Senator Shelley Moore Capito of West Virginia, the top Republican on the Senate Environment and Public Works Committee, said in her online interview with Mr. Regan last month that she had told him her coal-dependent state felt ignored during the Obama years, as the administration adopted regulations to reduce the country’s dependency on fossil fuels.
“If you don’t come and listen, the air in the balloon gets bigger and tighter, and the pressure of being ignored just grows and foments,” Ms. Capito said. Mr. Regan, she said, had promised to “come and listen” — but also sidestepped some of her specific questions about policy plans.
Raised in Eastern North Carolina, Mr. Regan when he was nominated recalled fishing and hunting with his father and grandfather, experiences he said shaped his love for the environment. Growing up with asthma, he said, also opened his eyes to the ways that industrial and heavily polluting factories and power plants are overwhelmingly in and near poor neighborhoods and communities of color. President Biden has made a focus on environmental justice a core part of his climate and environmental strategy.
Mr. Regan and Mr. Biden also share a personal tragedy: the death of a young child. Mr. Biden’s first wife and young daughter died in a car accident in 1972. Mr. Regan’s first son, Michael Stanley Regan Jr., who was known as MJ, died when he was 14 months old after being diagnosed with Stage 4 neuroblastoma, a rare childhood cancer.
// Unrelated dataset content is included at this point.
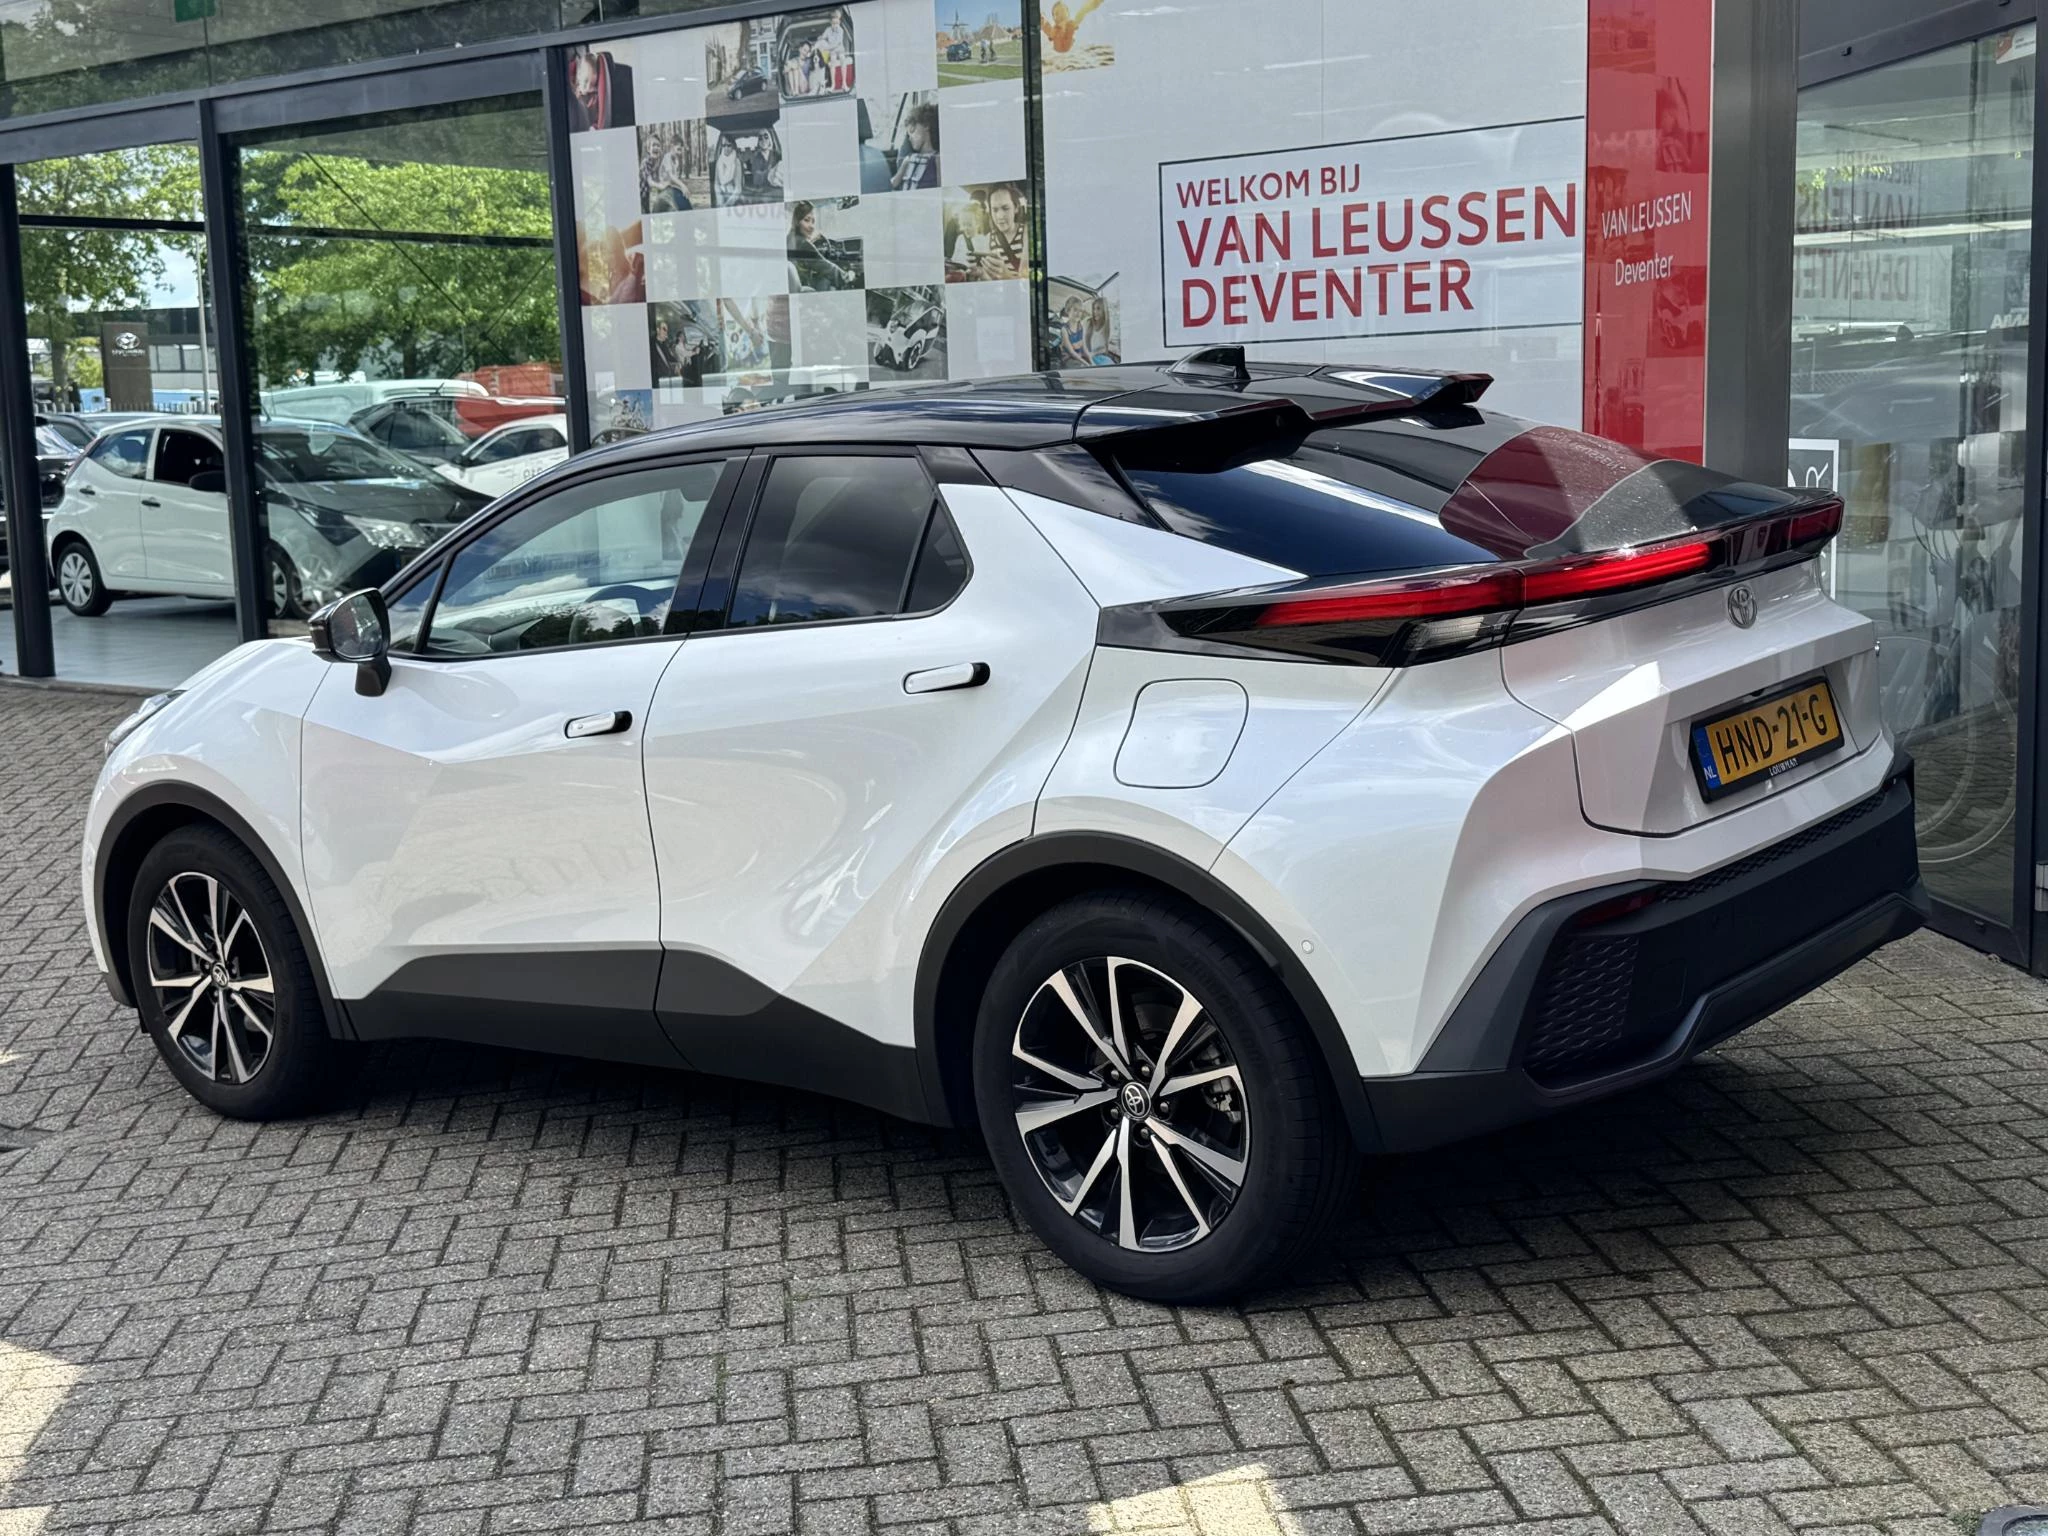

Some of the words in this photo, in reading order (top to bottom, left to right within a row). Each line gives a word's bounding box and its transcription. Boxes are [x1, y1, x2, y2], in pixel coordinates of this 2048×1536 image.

“He has taught us the true meaning of love, patience, perseverance and strength,” the family wrote in MJ’s obituary. Former colleagues said they felt, in some ways, that Mr. Regan channeled the loss into a redoubled commitment to the environment.
“He hurt a lot,” said Jim Marston, who hired Mr. Regan when he served as vice president of the energy program at the Environmental Defense Fund. “He didn’t just care about his son, he cared about everybody’s children. I think that’s why he is so good at environmental advocacy. He cares about the impacts on people, and he knows that pollution means often sickness or even terrible diseases like cancer.”